→ Problem requirements: Write out the entries below exactly as they stand. Skip every image.
[Opening Records to process section]
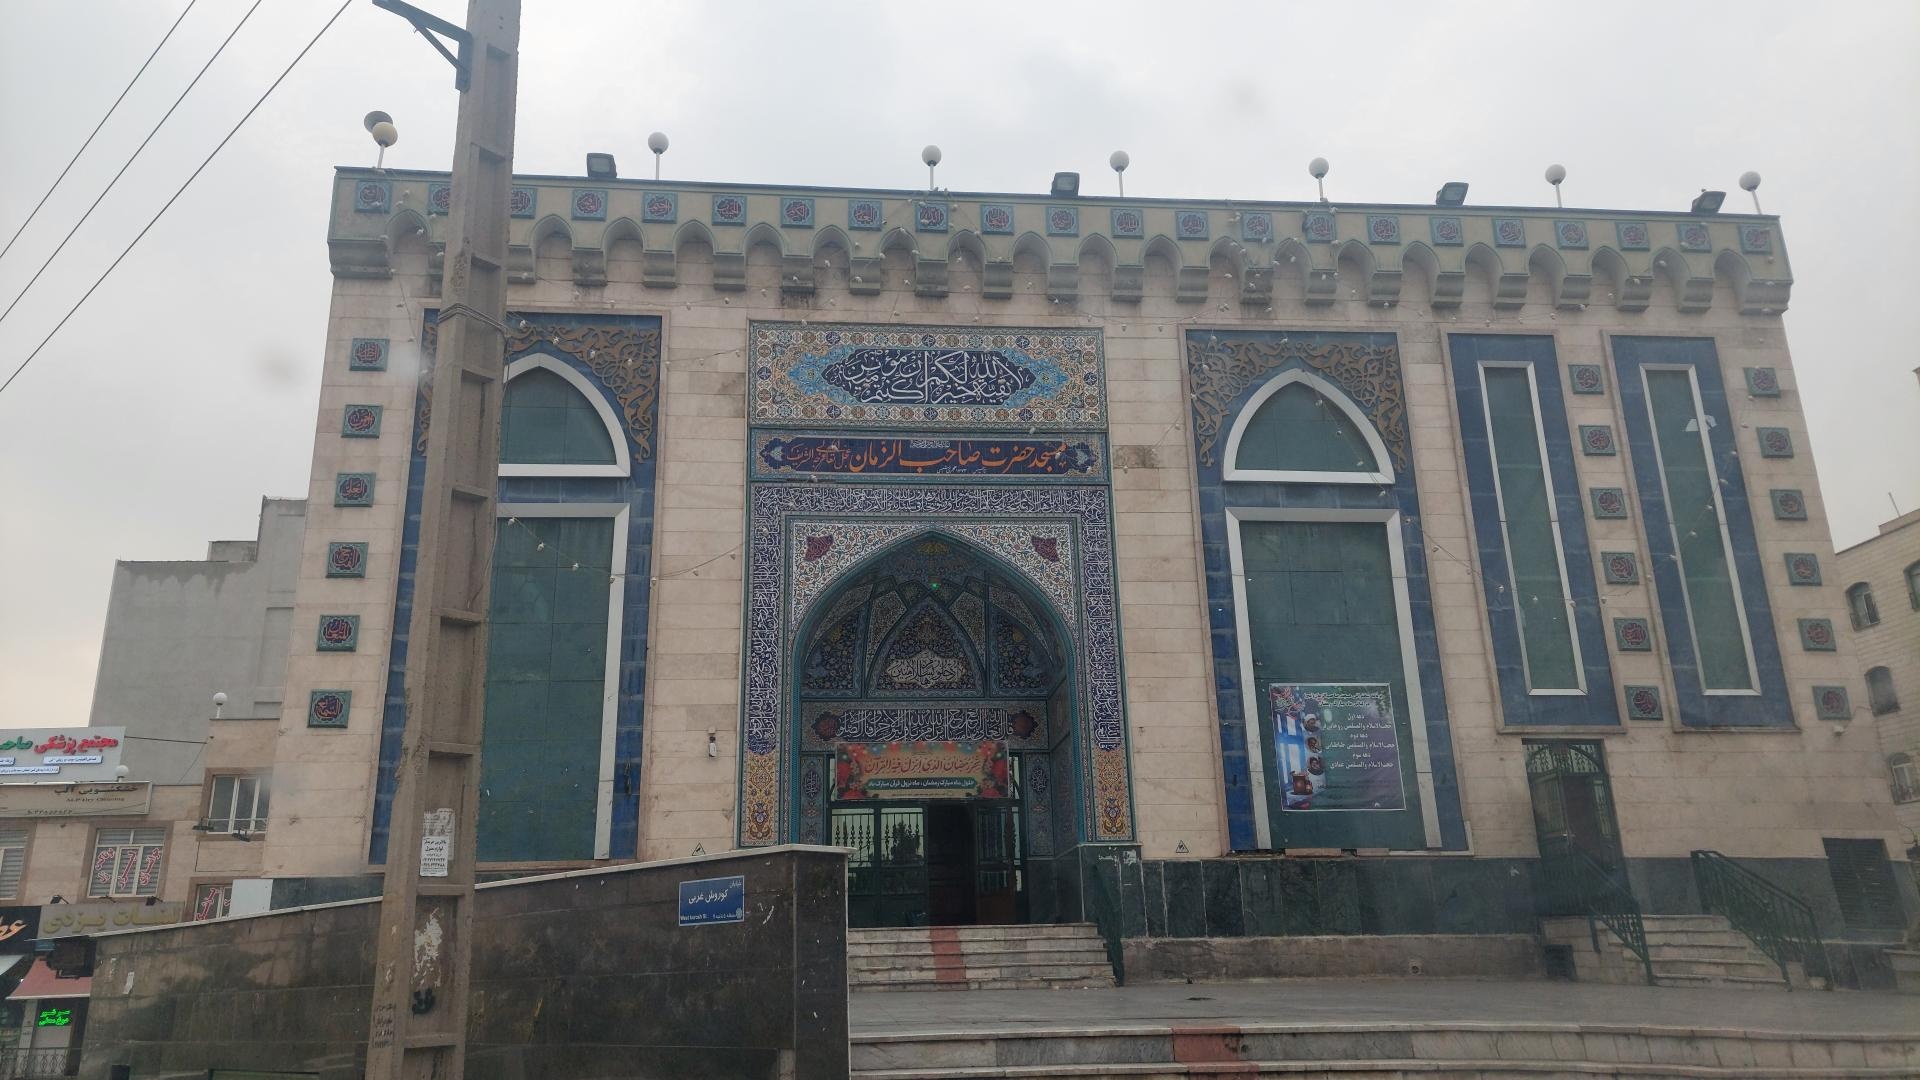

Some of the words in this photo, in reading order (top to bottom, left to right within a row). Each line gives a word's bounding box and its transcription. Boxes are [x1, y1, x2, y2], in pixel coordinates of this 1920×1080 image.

[849, 439, 902, 473] الزمان
[900, 439, 981, 474] صاحب
[980, 445, 1036, 474] حضرت
[1027, 442, 1068, 472] مسجد
[34, 734, 77, 755] پزشکی
[77, 734, 119, 753] مجتمع
[943, 757, 969, 772] رمضان
[78, 785, 139, 795] خشکشویی
[688, 891, 704, 904] غربی
[704, 888, 729, 903] کوروش
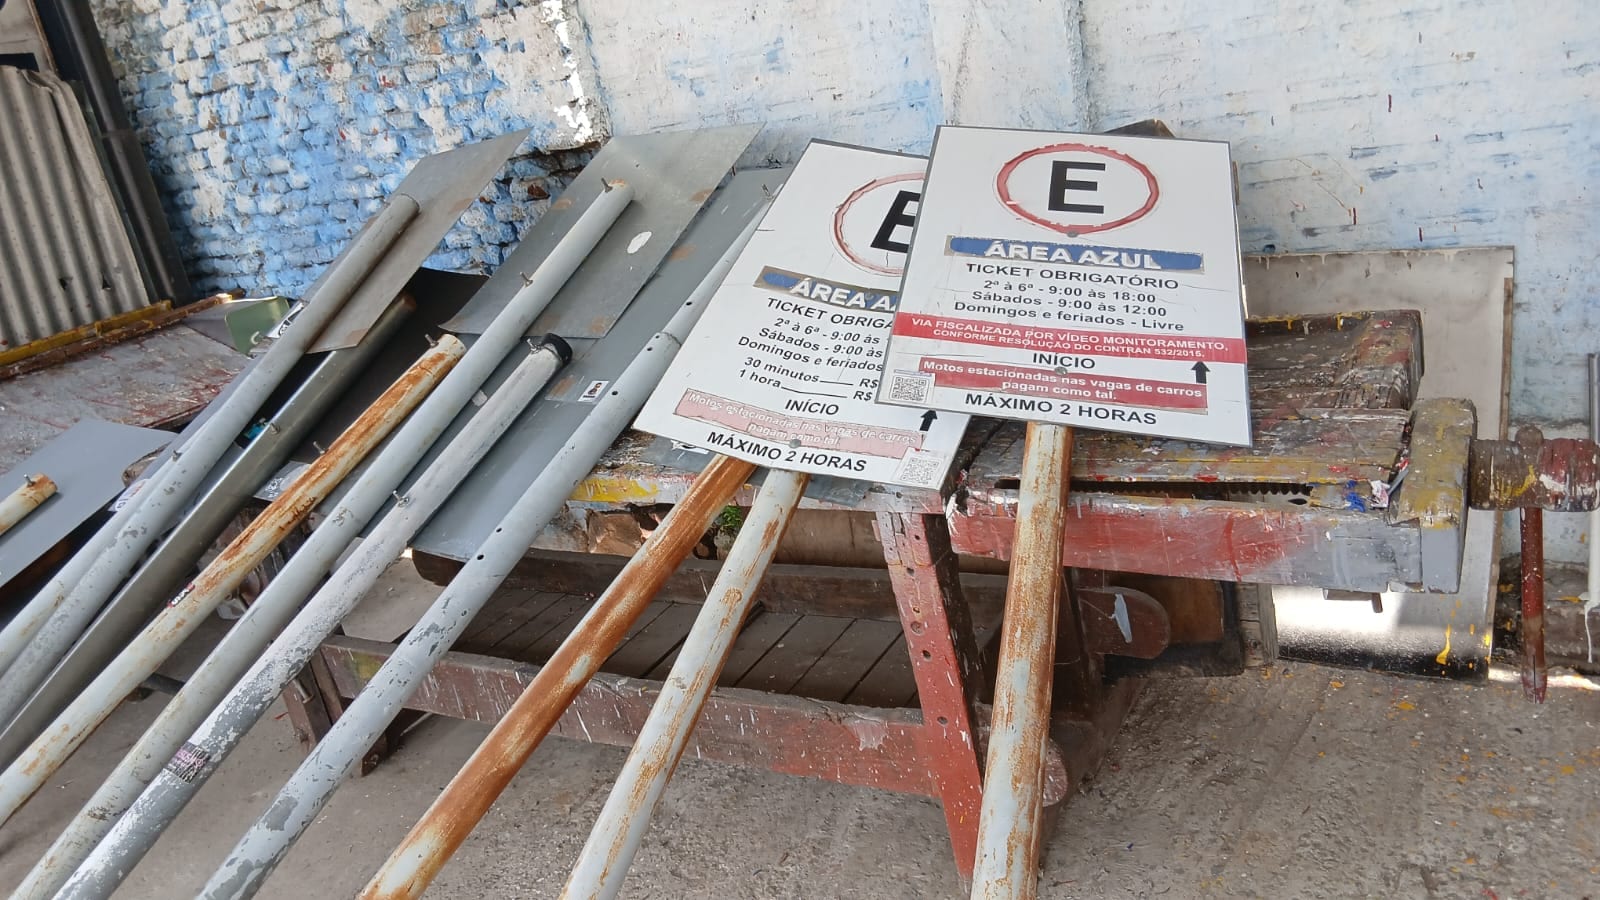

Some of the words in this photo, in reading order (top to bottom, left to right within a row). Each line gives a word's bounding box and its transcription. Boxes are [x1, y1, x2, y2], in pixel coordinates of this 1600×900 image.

[1048, 160, 1106, 214] E
[870, 190, 921, 253] E
[984, 241, 1072, 263] ÁREA
[1078, 249, 1162, 270] AZUL
[966, 263, 1034, 278] TICKET
[1039, 269, 1179, 289] OBRIGATÓRIO
[789, 278, 866, 308] ÁREA
[971, 290, 1042, 306] Sábados
[1057, 299, 1092, 310] 9:00
[1098, 300, 1117, 312] às
[1123, 305, 1167, 317] 12:00
[1048, 285, 1083, 297] 9:00
[1087, 287, 1106, 299] às
[1112, 291, 1156, 303] 18:00
[767, 297, 828, 320] TICKET
[954, 301, 1037, 319] Domingos
[1042, 311, 1052, 319] e
[1057, 311, 1125, 326] feriados
[1142, 319, 1184, 331] Livre
[759, 327, 820, 351] Sábados
[833, 345, 863, 356] 9:00
[866, 347, 884, 358] às
[830, 331, 860, 342] 9:00
[863, 332, 881, 344] às
[911, 317, 932, 327] VIA
[935, 320, 1021, 337] FISCALIZADA
[1025, 330, 1056, 340] POR
[1058, 332, 1100, 343] VÍDEO
[933, 329, 996, 342] CONFORME
[999, 336, 1071, 349] RESOLUÇÃO
[1074, 343, 1092, 351] DO
[1094, 345, 1151, 354] CONTRAN
[737, 336, 810, 363] Domingos
[814, 356, 823, 365] e
[826, 356, 884, 372] feriados
[1033, 352, 1096, 369] INÍCIO
[740, 369, 746, 378] 1
[749, 371, 782, 388] hora
[853, 390, 873, 402] R$
[744, 356, 761, 368] 30
[764, 363, 820, 383] minutos
[859, 377, 880, 389] R$
[923, 360, 964, 373] Motos
[967, 366, 1057, 383] estacionadas
[1061, 376, 1086, 386] nas
[1090, 379, 1132, 391] vagas
[1136, 383, 1153, 392] de
[1157, 387, 1202, 397] carros
[1002, 381, 1049, 393] pagam
[1052, 386, 1092, 397] como
[1095, 390, 1117, 400] tal.
[689, 393, 722, 411] Motos
[726, 404, 799, 429] estacionadas
[802, 421, 821, 431] nas
[825, 425, 858, 438] vagas
[860, 429, 877, 439] de
[878, 432, 916, 444] carros
[784, 398, 839, 415] INÍCIO
[964, 393, 1053, 412] MÁXIMO
[1060, 403, 1071, 415] 2
[1078, 405, 1157, 424] HORAS
[747, 422, 788, 439] pagam
[790, 433, 823, 444] como
[707, 431, 782, 460] MÁXIMO
[785, 451, 797, 462] 2
[800, 452, 867, 471] HORAS
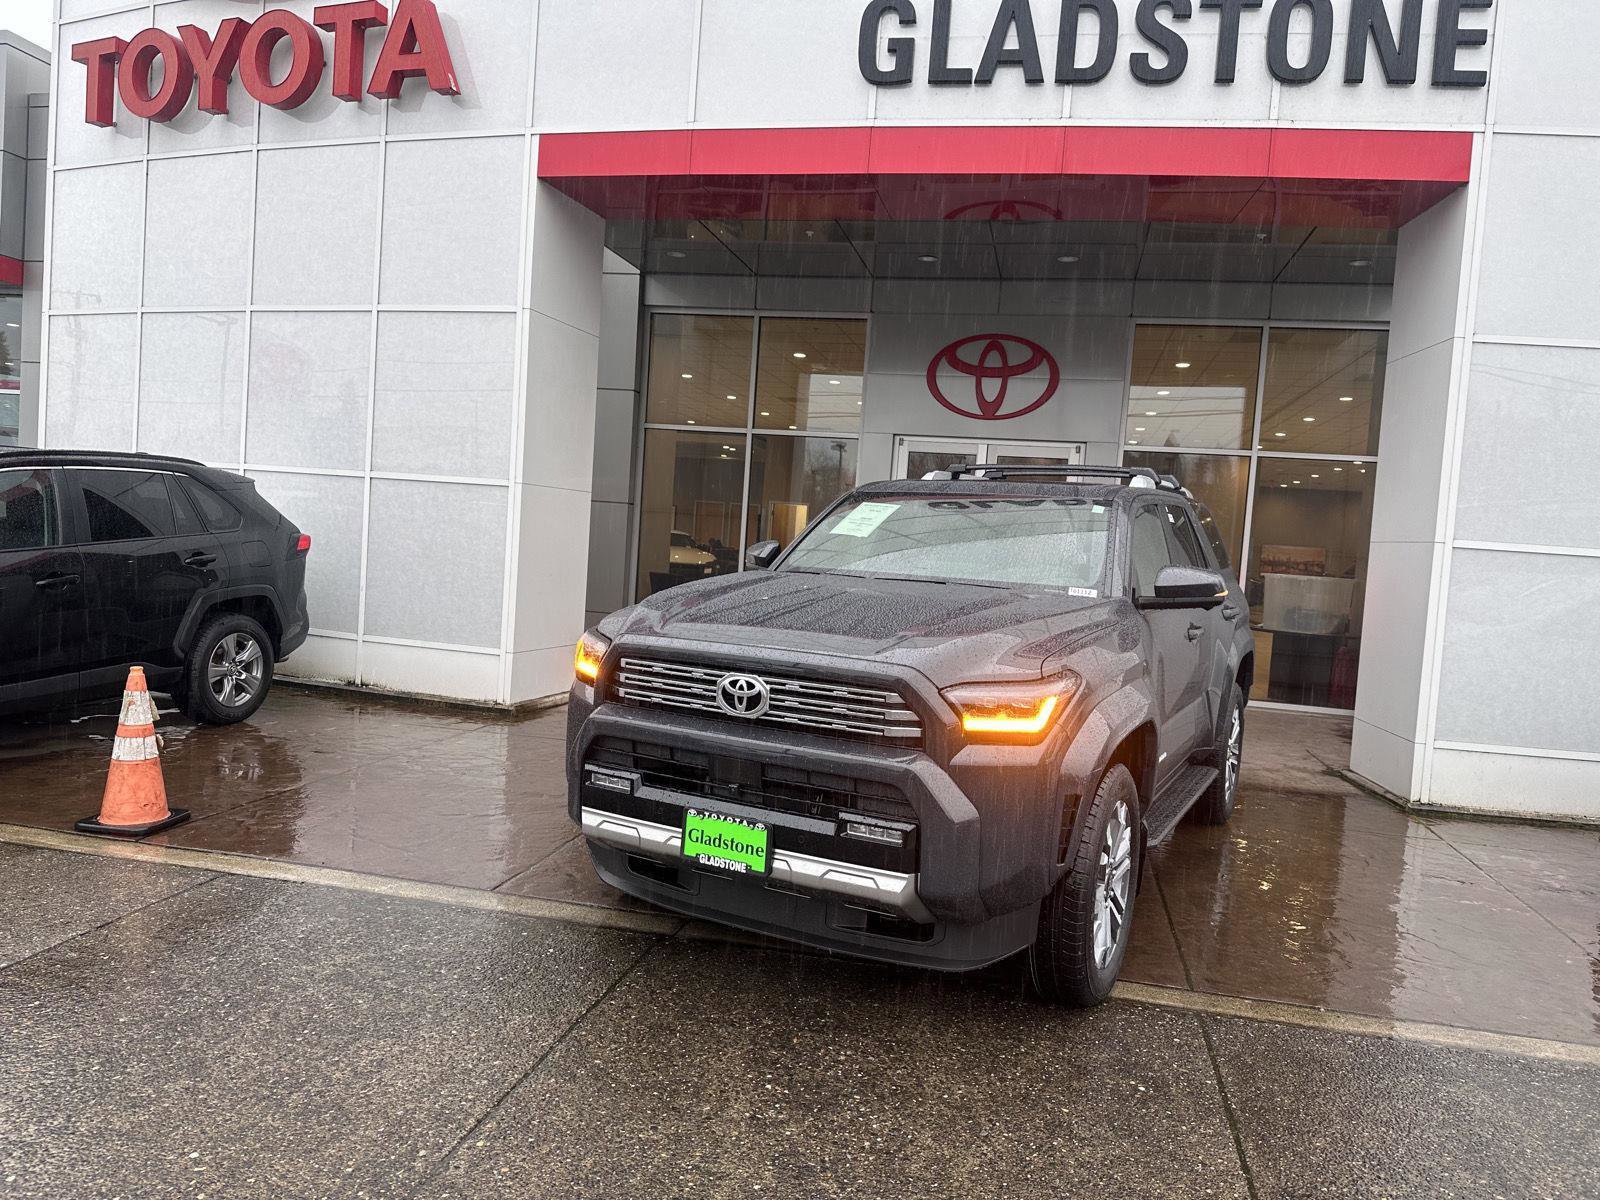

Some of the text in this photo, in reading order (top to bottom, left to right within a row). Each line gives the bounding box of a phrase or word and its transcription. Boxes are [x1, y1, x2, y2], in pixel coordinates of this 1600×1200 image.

[858, 0, 1493, 87] GLADSTONE
[72, 0, 461, 128] TOYOTA
[704, 812, 748, 827] TOYOTA
[688, 828, 764, 857] Gladstone
[700, 854, 747, 873] GLADSTONE
[Closing Records to process section]
→ Task output:
Some of the words in this photo, in reading order (top to bottom, left to right within a row). Each line gives a word's bounding box and its transcription. Boxes are [x1, y1, x2, y2], in pixel coordinates of this 1920×1080 image.

[849, 439, 902, 473] الزمان
[900, 439, 981, 474] صاحب
[980, 445, 1036, 474] حضرت
[1027, 442, 1068, 472] مسجد
[34, 734, 77, 755] پزشکی
[77, 734, 119, 753] مجتمع
[943, 757, 969, 772] رمضان
[78, 785, 139, 795] خشکشویی
[688, 891, 704, 904] غربی
[704, 888, 729, 903] کوروش

Some of the words in this photo, in reading order (top to bottom, left to right within a row). Each line gives a word's bounding box and its transcription. Boxes are [x1, y1, x2, y2], in pixel coordinates of this 1600×900 image.

[1048, 160, 1106, 214] E
[870, 190, 921, 253] E
[984, 241, 1072, 263] ÁREA
[1078, 249, 1162, 270] AZUL
[966, 263, 1034, 278] TICKET
[1039, 269, 1179, 289] OBRIGATÓRIO
[789, 278, 866, 308] ÁREA
[971, 290, 1042, 306] Sábados
[1057, 299, 1092, 310] 9:00
[1098, 300, 1117, 312] às
[1123, 305, 1167, 317] 12:00
[1048, 285, 1083, 297] 9:00
[1087, 287, 1106, 299] às
[1112, 291, 1156, 303] 18:00
[767, 297, 828, 320] TICKET
[954, 301, 1037, 319] Domingos
[1042, 311, 1052, 319] e
[1057, 311, 1125, 326] feriados
[1142, 319, 1184, 331] Livre
[759, 327, 820, 351] Sábados
[833, 345, 863, 356] 9:00
[866, 347, 884, 358] às
[830, 331, 860, 342] 9:00
[863, 332, 881, 344] às
[911, 317, 932, 327] VIA
[935, 320, 1021, 337] FISCALIZADA
[1025, 330, 1056, 340] POR
[1058, 332, 1100, 343] VÍDEO
[933, 329, 996, 342] CONFORME
[999, 336, 1071, 349] RESOLUÇÃO
[1074, 343, 1092, 351] DO
[1094, 345, 1151, 354] CONTRAN
[737, 336, 810, 363] Domingos
[814, 356, 823, 365] e
[826, 356, 884, 372] feriados
[1033, 352, 1096, 369] INÍCIO
[740, 369, 746, 378] 1
[749, 371, 782, 388] hora
[853, 390, 873, 402] R$
[744, 356, 761, 368] 30
[764, 363, 820, 383] minutos
[859, 377, 880, 389] R$
[923, 360, 964, 373] Motos
[967, 366, 1057, 383] estacionadas
[1061, 376, 1086, 386] nas
[1090, 379, 1132, 391] vagas
[1136, 383, 1153, 392] de
[1157, 387, 1202, 397] carros
[1002, 381, 1049, 393] pagam
[1052, 386, 1092, 397] como
[1095, 390, 1117, 400] tal.
[689, 393, 722, 411] Motos
[726, 404, 799, 429] estacionadas
[802, 421, 821, 431] nas
[825, 425, 858, 438] vagas
[860, 429, 877, 439] de
[878, 432, 916, 444] carros
[784, 398, 839, 415] INÍCIO
[964, 393, 1053, 412] MÁXIMO
[1060, 403, 1071, 415] 2
[1078, 405, 1157, 424] HORAS
[747, 422, 788, 439] pagam
[790, 433, 823, 444] como
[707, 431, 782, 460] MÁXIMO
[785, 451, 797, 462] 2
[800, 452, 867, 471] HORAS

Some of the text in this photo, in reading order (top to bottom, left to right within a row). Each line gives the bounding box of a phrase or word and its transcription. Boxes are [x1, y1, x2, y2], in pixel coordinates of this 1600×1200 image.

[858, 0, 1493, 87] GLADSTONE
[72, 0, 461, 128] TOYOTA
[704, 812, 748, 827] TOYOTA
[688, 828, 764, 857] Gladstone
[700, 854, 747, 873] GLADSTONE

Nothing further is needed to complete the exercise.